Арина Обух – выпускница «Мухи», художник-график и писатель с особой оптикой: её тексты – это «проза художника», который видит мир иначе.
И в этом мире сосуществуют бомжи и философы, художники и музы, рыбы и кладбищенские копачи, промоутеры и демонстраторы пластических поз, рыбаки и кариатиды… Вместе с ними можно прогуляться по набережной Фонтанки, по качающемуся Цепному – Пантелеймоновскому – мосту, заглянуть в Соляной городок и изостудию Эрмитажа, пройти по Шпалерной, Пестеля, Большой Морской…

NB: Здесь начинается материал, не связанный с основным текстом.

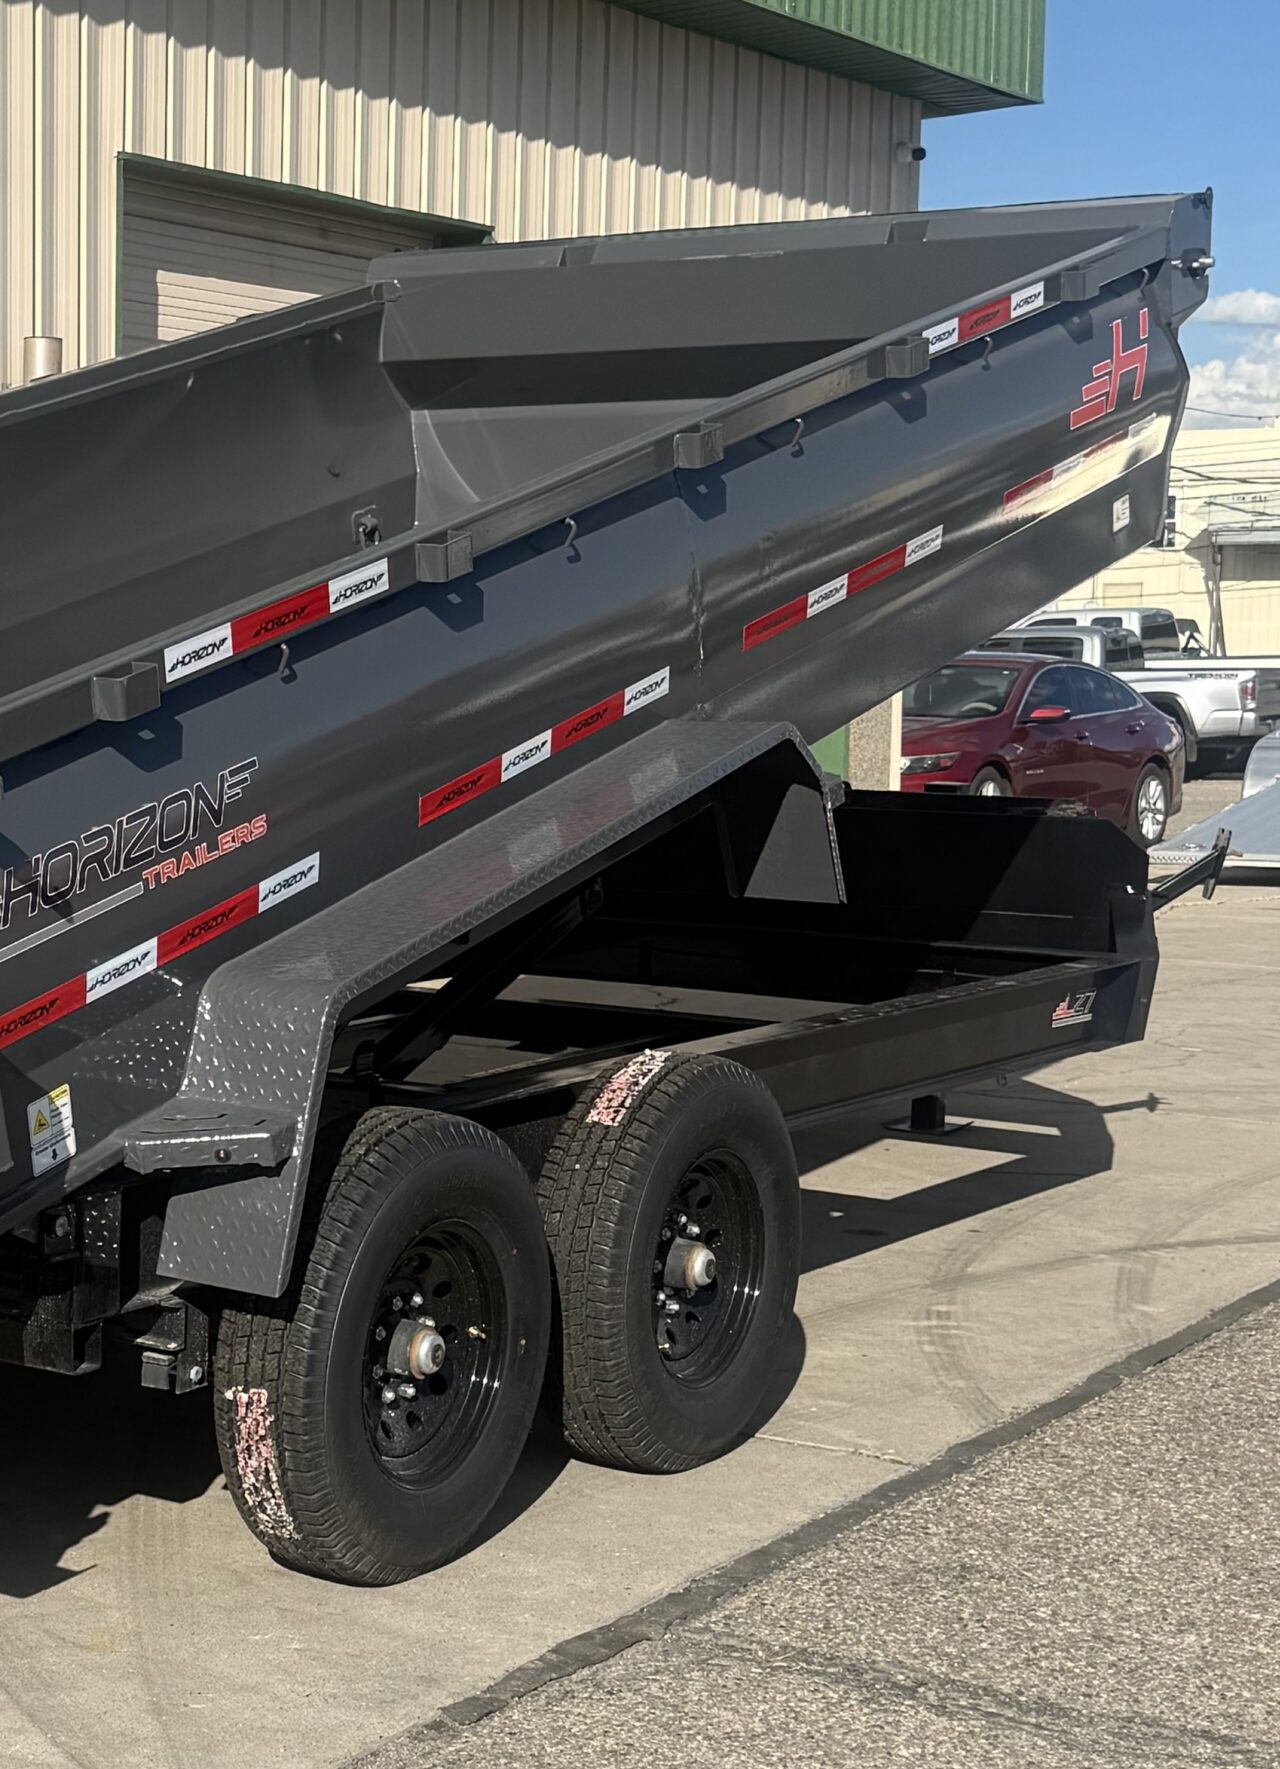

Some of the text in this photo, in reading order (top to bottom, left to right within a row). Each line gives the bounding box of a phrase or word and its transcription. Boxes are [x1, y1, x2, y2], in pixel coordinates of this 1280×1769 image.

Арина Обух «Муха имени Штиглица»
Книга-близнец другой книги этого Длинного списка, рукописи Татьяны Леонтьевой. Тоже рассказы, тоже от первого лица, тоже почти полное равенство рассказчика и автора. Кроме того – Петебург, студенческая жизнь, отношения и отношения с искусством. Правда, Обух не приехала в Петербург из далекого сибирского городка, а родилась в нем, причем в семье состоявшихся художников, она меньше побита жизнью, у нее меньше алкогольного и любовного опыта, вообще меньше опыта – но как раз это делает ее книгу куда менее интересной даже по сравнению с далеко не выдающейся книгой Леонтьевой. Общая необязательность, о которой я писала в связи с книгой «Татьяна, 30 лет, Овен», тут должна быть возведена в квадрат: трудно представить человека, который мог бы что-то важное почерпнуть для себя из этой книги. К этому стоит прибавить, что автору не удалось сделать свои тексты искренними – полная, до обнажения, искренность искупает многие грехи; напротив, книга, увы, увы, получилась манерная, а образ самовлюбленной рассказчицы отнюдь не вызывает симпатии.
Кисти и листья
А ведь совершенно другого ждешь от рукописи (она прямо сейчас становится книгой) молодого питерского художника, номинированного на Нацбест. Ну читывали же, знаем и потакаем стереотипам.
Наверняка самые мрачные городские пейзажи, в которых поздняя осень, независимо от времени года, поскольку неизменны душевная смута и готика, и, разумеется, самые заброшенные подвалы с чердаками, между которыми столь же андеграундный риэлт из хат и вписок. Естественно, весь возможный набор психоактивных веществ с подробными способами приготовления и методологией применения; дурной алкоголь – по умолчанию. Конфликты со всем остальным миром, представленным, в основном, старшим поколением. В личных отношениях «всё сложно» при известной либертарианской простоте. Ну и т. д.; на, собственно, описание творческий занятий (живопись, графика, монументальная скульптура) персонажей остается совсем немного. На литературу – по-разному, тут уже зависит от способностей автора. Эдакие внуки Лимонова, дети Сорокина – если перефразировать фронтовую частушку Самуила Маршака.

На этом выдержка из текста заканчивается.